Publisher: The Guilford Press, 305 pages


Reviewed By:

Dr. Susan Stuntzner PhD, LPC, CRC, NCC, DCC, FAPA

Assistant Professor

University of Texas – Rio Grande Valley

School of Rehabilitation Services and Counseling

College of Health Affairs


Compassion, self-compassion, and mindfulness have long been spiritual practices of Buddhism and Buddhist psychology.  Remnants of mindfulness and stress reduction techniques have existed in the United States, and evidence of such practices is apparent dating back to the 1970’s, but it has not been until that past 10 years that self-compassion and mindfulness have been more thoroughly considered, examined, and researched.  Much of this increased interest is credited to Dr. Kristen Neff’s research and work on self-compassion and its role in reducing negative thoughts and feelings (i.e., depression, anxiety, self-criticism), and in increasing positive qualities (i.e., forgiveness, better outlook on life) among those who practice and integrate it into their lives.  Further, with the awareness and accessibility of self-compassion and mindfulness, professionals and the individuals served by them are recognizing the implicit value these skills have, as well as the ways such techniques can improve their lives.

The book begins by explaining the tendency people have to resist, suppress, or escape emotional and mental pain.  The author, Dr.
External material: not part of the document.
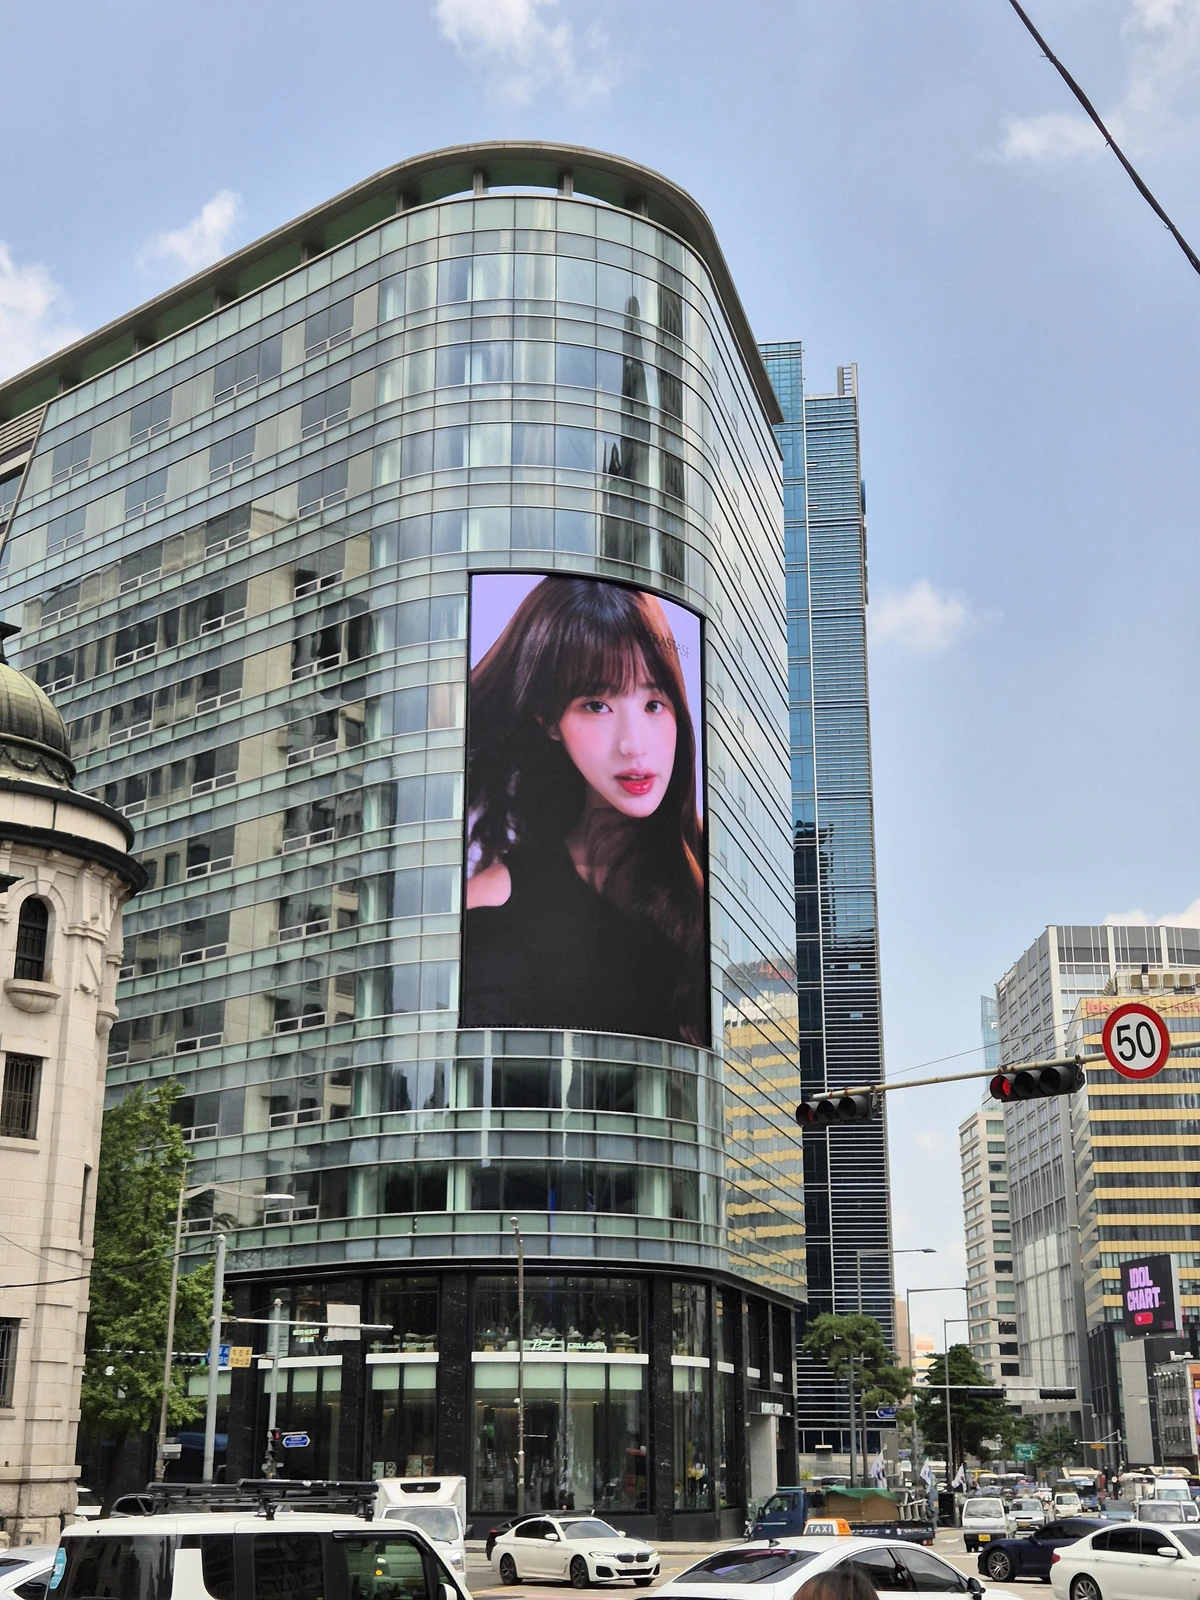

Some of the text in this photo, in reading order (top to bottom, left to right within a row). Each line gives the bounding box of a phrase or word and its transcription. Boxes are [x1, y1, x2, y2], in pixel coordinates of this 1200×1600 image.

[1117, 1021, 1156, 1062] 50
[1129, 1266, 1153, 1288] IDOL
[1127, 1287, 1160, 1311] CHART
[809, 1525, 832, 1534] TAXI
Christopher Germer, helps the reader understand that by doing so, people actually create more personal, mental, and emotional pain for themselves.  More specifically, he lays out in an easy-to-understand equation that pain compounded by resistance equates to more suffering (p. 15).  While experiencing pain is a part of the human experience, Germer (2009) explains that “suffering is optional” (p. 16), meaning that people do not need to compound their experiences and make them worse.  Rather than resist our pain, the author indicates that the antidote is to turn toward and face the pain so that people can kindly look at it and care for themselves in a more loving way.  Two components of doing so involve the use of self-compassion and mindfulness.
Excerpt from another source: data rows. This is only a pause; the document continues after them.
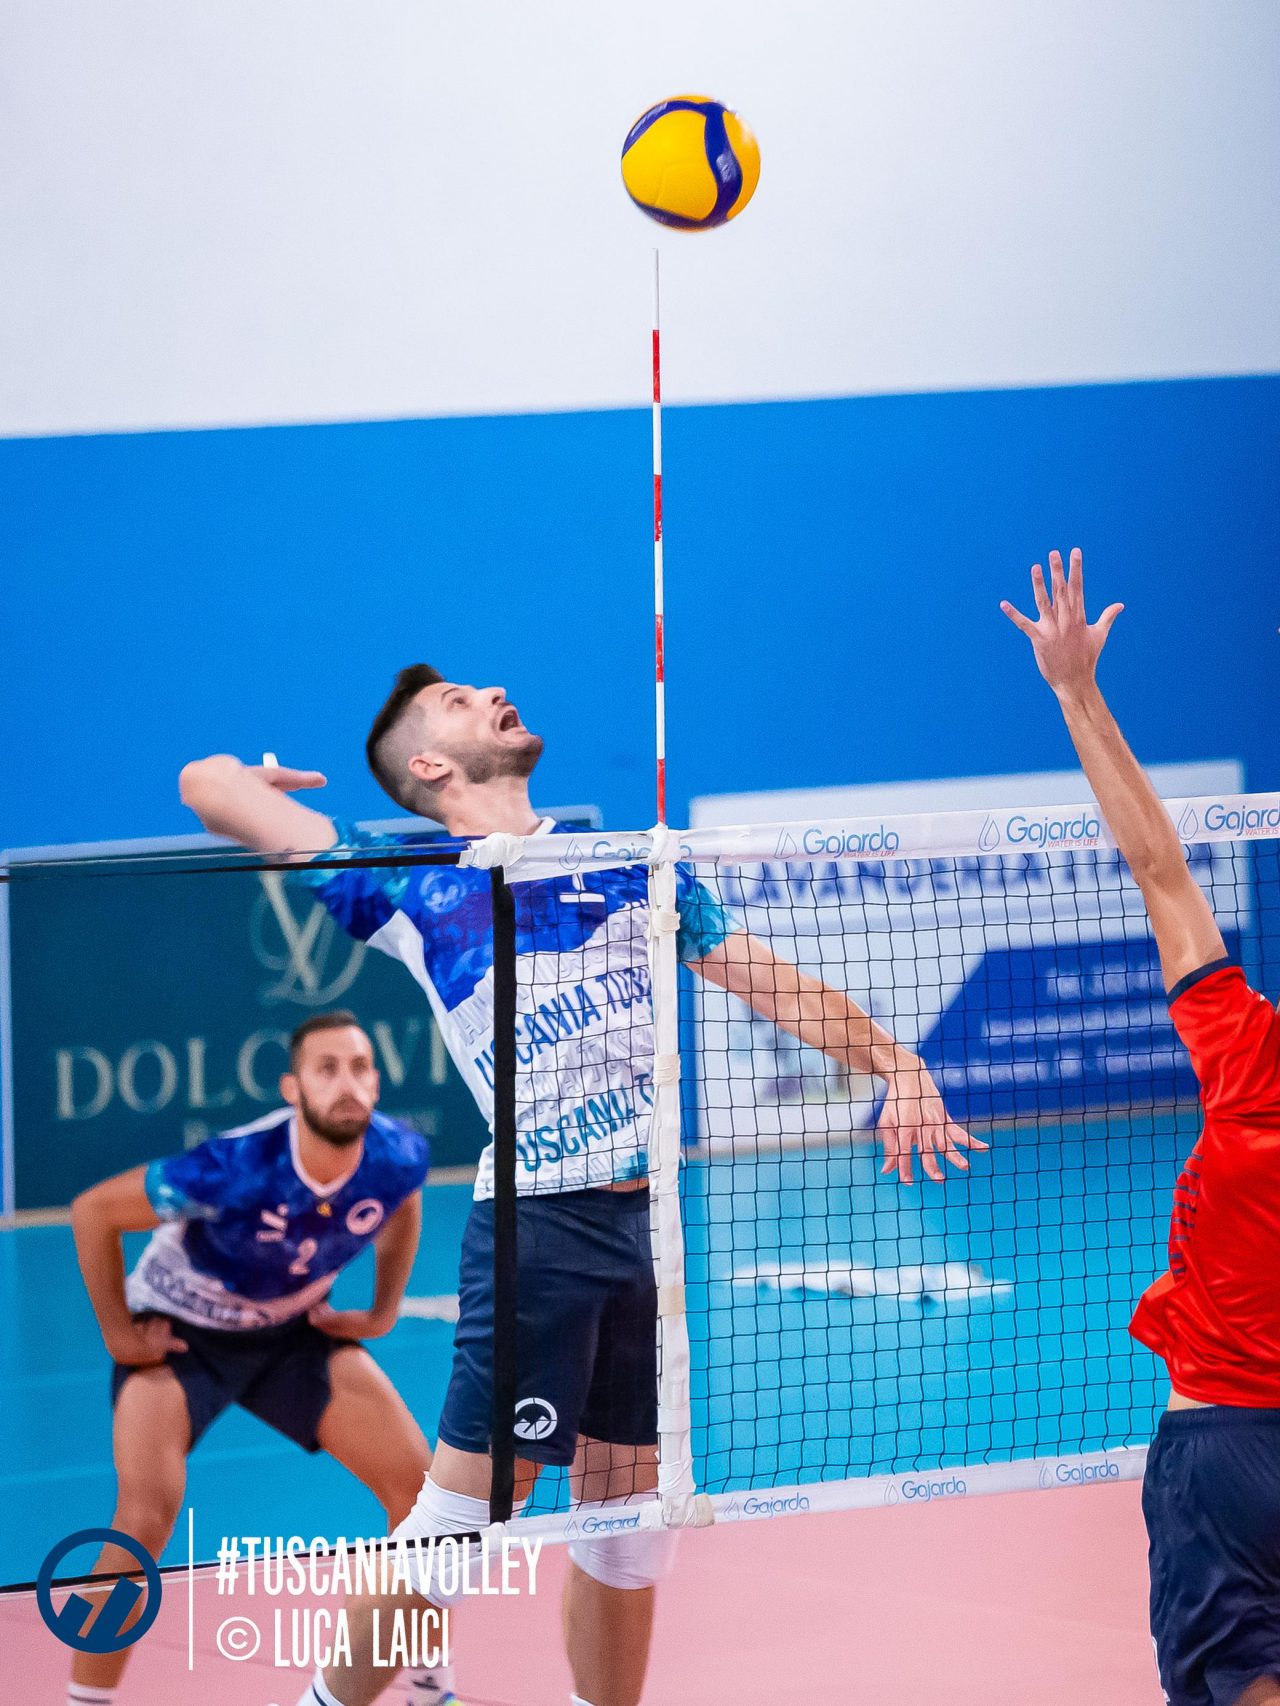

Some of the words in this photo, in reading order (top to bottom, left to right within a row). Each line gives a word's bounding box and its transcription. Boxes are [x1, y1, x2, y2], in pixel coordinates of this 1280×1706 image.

[803, 824, 900, 858] Gajarda
[1007, 813, 1100, 848] Gajarda
[1245, 827, 1271, 836] WATER
[1047, 840, 1075, 848] WATER
[1083, 838, 1098, 846] LIFE
[289, 1238, 318, 1275] 2
[1056, 1460, 1120, 1484] Gajarda
[901, 1477, 967, 1502] Gajarda
[743, 1493, 810, 1516] Gajarda
[582, 1512, 641, 1535] Gajard
Self-compassion is a concept and practice that many find initially challenging, particularly within the United States.  It is sometimes perceived as something that people do if they are “weak” or “lazy,” as it may be viewed by some as not holding one’s self accountable or responsible.  However, such beliefs couldn’t be further from the truth.  In the U.S., people are more likely to extend compassion to others, but many are challenged in their ability to be tolerant, kind, forgiving, and accepting of themselves when they are in pain.  Despite this discrepancy, self-compassion is a skill and an approach to life that can benefit any individual.  Germer (2009) also explains the circular relationship of self-compassion and compassion.  He informs the reader that people who are self-compassionate tend to have more compassion for others going through difficult times, and that one does not exclude the other.  Throughout the book, the author encourages people to explore and discover techniques and mantras that work for them in the quest to develop and enhance self-compassion.  Germer (2009) clearly stresses that there is no single right way to develop and enhance self-compassion, and that a part of the journey is discovering what works for each individual.  Further, he provides guidance in how to start with one’s development of self-compassion and then gradually extend it to others (i.e., benefactor, friend, neutral person, difficult person, and groups; pp. 166-178).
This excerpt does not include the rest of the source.